What is already known:
What this study adds:
Abstract:
This work associated probabilistic values made by an Artificial Intelligence (AI) weather prediction system with historic high-impact severe weather events so that operational forecasters can use AI to help predict high-impact severe weather events in the continental United States (CONUS). This study examined how medium-range (day4-8) machine learning probabilistic forecasts is compared to the Storm Prediction Center (SPC) Day 1 Convective Outlook and observed severe weather reports. Five years of data from 2020-2025 were used to compare probabilities from the GEFS-MLP at different lead times within the medium-range to forecasts made by the SPC Day 1 Convective Outlook. This approach showed which probabilities in the medium-range displayed a better ability in predicting a high-impact severe weather event in CONUS. Higher probabilities in shorter lead times tend to correlate with higher SPC categorical forecasts for high-impact severe weather events.

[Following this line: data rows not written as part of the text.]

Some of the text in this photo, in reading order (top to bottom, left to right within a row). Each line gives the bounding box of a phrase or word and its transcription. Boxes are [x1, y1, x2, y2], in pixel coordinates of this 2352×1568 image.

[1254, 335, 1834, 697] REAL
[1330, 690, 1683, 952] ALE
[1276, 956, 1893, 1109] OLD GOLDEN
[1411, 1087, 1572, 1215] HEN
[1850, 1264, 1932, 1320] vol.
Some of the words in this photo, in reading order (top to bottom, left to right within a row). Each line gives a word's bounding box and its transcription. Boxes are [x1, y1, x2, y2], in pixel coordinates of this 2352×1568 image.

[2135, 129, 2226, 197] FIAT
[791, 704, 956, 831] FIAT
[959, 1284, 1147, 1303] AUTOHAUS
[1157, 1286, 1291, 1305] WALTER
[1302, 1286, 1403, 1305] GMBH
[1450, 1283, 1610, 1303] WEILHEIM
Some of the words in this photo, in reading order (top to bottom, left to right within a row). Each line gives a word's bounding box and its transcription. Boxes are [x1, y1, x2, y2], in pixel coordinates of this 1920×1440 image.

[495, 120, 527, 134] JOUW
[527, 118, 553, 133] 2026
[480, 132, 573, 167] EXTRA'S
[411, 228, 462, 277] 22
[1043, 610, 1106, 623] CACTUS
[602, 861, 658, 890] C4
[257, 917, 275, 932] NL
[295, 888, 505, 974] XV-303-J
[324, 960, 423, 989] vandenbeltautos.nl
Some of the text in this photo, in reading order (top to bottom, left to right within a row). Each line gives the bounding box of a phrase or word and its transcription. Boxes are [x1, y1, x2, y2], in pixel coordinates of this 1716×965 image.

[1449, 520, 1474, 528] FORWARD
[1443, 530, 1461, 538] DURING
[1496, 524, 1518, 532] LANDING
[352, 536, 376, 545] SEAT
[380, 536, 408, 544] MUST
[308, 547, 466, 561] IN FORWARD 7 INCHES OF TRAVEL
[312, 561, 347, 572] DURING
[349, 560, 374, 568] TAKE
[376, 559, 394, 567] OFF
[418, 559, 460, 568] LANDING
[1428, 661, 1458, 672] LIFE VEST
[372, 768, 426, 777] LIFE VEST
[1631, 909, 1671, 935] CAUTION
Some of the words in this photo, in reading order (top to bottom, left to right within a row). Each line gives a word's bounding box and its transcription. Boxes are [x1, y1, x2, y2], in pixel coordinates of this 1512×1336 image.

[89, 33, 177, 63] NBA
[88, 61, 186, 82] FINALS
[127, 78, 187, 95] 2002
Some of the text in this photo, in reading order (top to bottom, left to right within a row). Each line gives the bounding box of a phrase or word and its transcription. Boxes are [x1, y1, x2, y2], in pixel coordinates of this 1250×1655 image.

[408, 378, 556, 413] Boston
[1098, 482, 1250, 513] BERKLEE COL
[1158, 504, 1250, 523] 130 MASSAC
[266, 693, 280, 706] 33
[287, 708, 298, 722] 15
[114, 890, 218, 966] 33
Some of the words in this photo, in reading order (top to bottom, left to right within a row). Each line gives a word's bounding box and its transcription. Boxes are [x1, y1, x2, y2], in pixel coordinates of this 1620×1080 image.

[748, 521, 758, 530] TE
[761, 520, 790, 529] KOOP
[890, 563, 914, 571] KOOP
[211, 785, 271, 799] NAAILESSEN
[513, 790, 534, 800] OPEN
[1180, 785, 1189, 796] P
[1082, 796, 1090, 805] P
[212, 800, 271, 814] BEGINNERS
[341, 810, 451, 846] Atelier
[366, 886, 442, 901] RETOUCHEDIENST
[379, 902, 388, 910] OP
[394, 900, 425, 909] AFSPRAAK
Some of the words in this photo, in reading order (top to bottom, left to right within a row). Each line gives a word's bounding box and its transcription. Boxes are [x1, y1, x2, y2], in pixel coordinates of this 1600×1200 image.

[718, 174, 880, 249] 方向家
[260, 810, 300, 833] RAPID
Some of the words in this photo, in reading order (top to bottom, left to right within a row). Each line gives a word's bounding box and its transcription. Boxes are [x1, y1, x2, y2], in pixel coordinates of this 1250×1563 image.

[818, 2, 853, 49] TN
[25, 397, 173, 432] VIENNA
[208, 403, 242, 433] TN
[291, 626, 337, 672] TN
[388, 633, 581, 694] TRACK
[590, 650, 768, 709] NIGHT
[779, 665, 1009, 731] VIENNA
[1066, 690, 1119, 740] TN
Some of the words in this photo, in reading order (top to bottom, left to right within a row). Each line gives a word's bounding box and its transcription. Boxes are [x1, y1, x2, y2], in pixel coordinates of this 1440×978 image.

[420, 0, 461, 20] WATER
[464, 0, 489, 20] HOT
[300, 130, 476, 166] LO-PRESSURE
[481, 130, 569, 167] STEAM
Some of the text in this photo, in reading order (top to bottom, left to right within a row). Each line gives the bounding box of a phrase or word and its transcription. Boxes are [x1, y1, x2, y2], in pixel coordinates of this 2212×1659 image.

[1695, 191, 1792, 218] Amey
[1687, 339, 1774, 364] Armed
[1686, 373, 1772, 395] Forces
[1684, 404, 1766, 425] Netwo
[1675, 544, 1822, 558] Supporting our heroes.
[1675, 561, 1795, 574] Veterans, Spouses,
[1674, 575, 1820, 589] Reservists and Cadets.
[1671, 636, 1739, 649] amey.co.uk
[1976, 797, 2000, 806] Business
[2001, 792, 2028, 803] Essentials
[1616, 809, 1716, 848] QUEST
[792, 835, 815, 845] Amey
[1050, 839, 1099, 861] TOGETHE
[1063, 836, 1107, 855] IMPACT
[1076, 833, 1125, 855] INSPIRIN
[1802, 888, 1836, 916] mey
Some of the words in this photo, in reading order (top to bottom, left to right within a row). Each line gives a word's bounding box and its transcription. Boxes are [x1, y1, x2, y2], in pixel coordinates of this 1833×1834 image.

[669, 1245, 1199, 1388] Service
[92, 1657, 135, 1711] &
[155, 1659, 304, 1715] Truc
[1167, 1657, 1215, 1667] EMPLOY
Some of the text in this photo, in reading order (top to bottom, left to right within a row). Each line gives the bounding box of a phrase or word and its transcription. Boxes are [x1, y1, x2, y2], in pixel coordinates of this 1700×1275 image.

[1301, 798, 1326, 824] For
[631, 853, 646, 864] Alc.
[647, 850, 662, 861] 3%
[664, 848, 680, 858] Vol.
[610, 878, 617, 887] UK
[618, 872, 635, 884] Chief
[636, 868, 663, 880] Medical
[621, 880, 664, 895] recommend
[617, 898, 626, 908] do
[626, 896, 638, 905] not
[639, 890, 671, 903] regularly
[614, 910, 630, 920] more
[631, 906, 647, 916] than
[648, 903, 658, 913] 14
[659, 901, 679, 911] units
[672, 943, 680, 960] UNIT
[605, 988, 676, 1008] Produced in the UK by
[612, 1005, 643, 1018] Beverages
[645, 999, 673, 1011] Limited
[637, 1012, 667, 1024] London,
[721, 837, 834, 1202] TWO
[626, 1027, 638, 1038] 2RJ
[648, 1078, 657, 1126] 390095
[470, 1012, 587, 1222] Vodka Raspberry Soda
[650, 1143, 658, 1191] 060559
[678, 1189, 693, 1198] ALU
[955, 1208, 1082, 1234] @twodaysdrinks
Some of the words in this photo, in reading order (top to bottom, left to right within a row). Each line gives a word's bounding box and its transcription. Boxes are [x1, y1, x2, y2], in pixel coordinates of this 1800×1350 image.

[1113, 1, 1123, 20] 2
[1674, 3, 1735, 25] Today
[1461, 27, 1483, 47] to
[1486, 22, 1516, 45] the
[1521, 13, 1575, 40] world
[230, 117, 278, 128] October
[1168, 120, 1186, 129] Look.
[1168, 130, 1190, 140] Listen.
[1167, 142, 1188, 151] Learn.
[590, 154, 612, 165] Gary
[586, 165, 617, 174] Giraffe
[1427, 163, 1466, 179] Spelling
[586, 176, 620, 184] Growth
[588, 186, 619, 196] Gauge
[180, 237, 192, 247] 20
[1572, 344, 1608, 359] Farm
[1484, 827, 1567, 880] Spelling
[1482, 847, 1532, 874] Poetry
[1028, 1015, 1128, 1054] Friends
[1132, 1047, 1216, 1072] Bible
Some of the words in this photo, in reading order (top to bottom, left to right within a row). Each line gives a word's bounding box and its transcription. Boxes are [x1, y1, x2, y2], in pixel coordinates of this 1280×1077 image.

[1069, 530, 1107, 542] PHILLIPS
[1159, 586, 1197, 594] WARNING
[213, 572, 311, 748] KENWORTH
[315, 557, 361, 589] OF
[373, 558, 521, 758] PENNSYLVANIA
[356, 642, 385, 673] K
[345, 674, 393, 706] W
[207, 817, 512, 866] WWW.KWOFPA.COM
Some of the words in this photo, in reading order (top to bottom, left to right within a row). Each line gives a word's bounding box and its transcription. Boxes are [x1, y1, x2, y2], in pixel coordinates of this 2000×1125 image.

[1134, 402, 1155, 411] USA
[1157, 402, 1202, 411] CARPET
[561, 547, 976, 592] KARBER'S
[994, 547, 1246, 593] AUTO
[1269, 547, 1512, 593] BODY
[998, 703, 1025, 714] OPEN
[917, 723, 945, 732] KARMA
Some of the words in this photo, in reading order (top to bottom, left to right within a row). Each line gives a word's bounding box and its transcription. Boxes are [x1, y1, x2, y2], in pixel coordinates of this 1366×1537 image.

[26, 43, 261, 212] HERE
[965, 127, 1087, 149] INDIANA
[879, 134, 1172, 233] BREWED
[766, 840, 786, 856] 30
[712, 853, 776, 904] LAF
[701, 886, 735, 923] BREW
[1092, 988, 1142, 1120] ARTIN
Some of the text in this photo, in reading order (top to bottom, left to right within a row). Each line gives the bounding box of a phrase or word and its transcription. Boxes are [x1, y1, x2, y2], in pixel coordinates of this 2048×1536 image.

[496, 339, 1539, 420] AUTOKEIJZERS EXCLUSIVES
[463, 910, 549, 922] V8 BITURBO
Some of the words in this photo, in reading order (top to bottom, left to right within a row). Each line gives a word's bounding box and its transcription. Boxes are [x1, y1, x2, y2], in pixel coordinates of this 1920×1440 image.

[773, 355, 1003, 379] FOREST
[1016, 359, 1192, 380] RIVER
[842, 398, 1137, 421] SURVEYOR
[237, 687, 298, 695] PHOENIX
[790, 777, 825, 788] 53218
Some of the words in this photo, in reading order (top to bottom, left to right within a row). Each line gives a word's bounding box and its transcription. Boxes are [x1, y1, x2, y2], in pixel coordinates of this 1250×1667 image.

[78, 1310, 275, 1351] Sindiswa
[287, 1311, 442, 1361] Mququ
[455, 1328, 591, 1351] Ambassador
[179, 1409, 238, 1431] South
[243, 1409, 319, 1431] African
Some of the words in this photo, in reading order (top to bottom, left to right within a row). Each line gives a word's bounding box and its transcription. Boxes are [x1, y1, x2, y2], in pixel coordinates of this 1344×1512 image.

Probabilities in the 5-day lead time of the GEFS-MLP showed the best ability to predict high-impact severe weather events, specifically the 60% probabilistic threshold. Longer lead times, such as day 8 and day 7, had better ability at lower probabilistic thresholds, while shorter lead times, like day 4 and day 5, had better ability at higher probabilistic thresholds. Recognizing which lead times and which probabilities have better correspondence in predicting severe weather can enhance operational forecast products at longer lead times.